Qualcuno rise e poi, lentamente, il brusio riprese e presto tornò la solita caciara. Anche Adùmas stava per uscire e si accorse che nel suo fiaschetto era rimasto un dito di vino. Tornò al tavolo e, in silenzio e in piedi, lo vuotò: porta male lasciare la tavola senza finire il vino. Poi: «Saluto questa bella compagnia». Prima d'uscire fece un'altra sosta al tavolo di Badaloni e soci: «E qua c'è una compagnia ancora migliore».
«È proprio una brutta sera, eh, Adùmas? Ce l'hai con tutti.»
«Io? Perché dovrei? Solo perché qua c'è gente che ama girare per i boschi, che va a funghi quando non è stagione e che se incontra altra gente scappa a nascondersi?» Guardò fisso Cesarino. «Tu che dici, Cesarino?»

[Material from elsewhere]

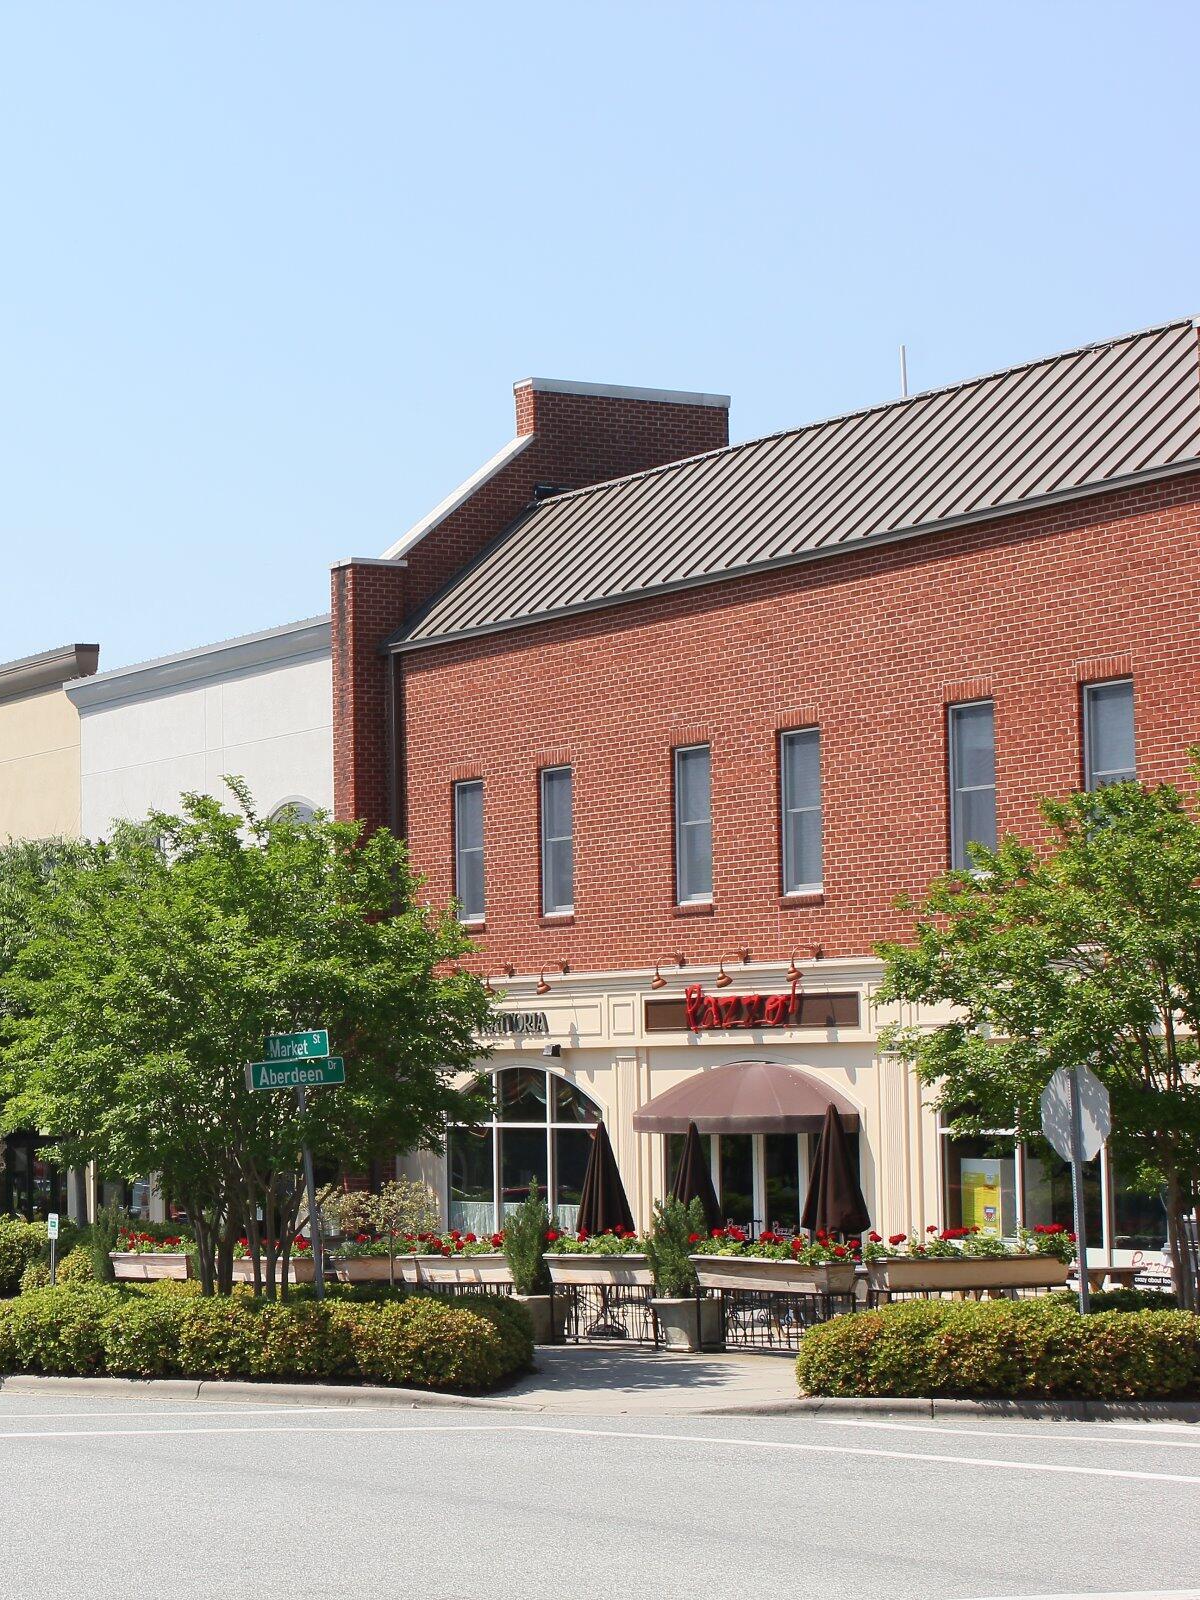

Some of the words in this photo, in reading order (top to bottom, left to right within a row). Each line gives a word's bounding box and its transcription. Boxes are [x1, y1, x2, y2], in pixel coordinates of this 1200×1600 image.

Cesarino abbassò gli occhi, poi balbettò: «Cosa vuoi dire? Vedi d'essere chiaro». «Chiaro o scuro, tu m'hai capito. Stai attento!» Intervenne Badilone: «Ooo, Dumas, cos'è, minacci adesso?». Adùmas ignorò la domanda. «Adesso vi saluto, bella gente» e prima di uscire si voltò: «Oh,
signori, tanto perché lo sappiate, il piede era quello sinistro.» In osteria si fece di nuovo silenzio. Lo ruppe Pieri: «Finalmente! E come fai a saperlo, di grazia?» «Come faccio a sapere che la Terra è tonda? Lo so e basta.» Spinse la porta e uscì. Poco lontano e nascosto dietro l'angolo di una casa, in un cono d'ombra, lo aspettava
Gherardini: «Bel colpo, Adùmas, proprio un bel colpo!» lo aggredì mentre gli passava davanti. «Fortuna
che mi ero raccomandato. Adesso sarai contento. Hai comunicato all'universo mondo di essere tornato sulla scena di un probabile delitto, di aver trovato degli indizi compromettenti...» «Oh, Poiana!» lo interruppe Adùmas. «Mi avevano rotto le palle, va bene? E anche tu me le hai
rotte, se proprio lo vuoi sapere!» Si allontanò borbottando: «Capirai che danno, capirai». «Te lo saprò poi dire» e ognuno per la propria strada. Come Adùmas, anche l'ispettore Gherardini, di strada da fare, ne aveva.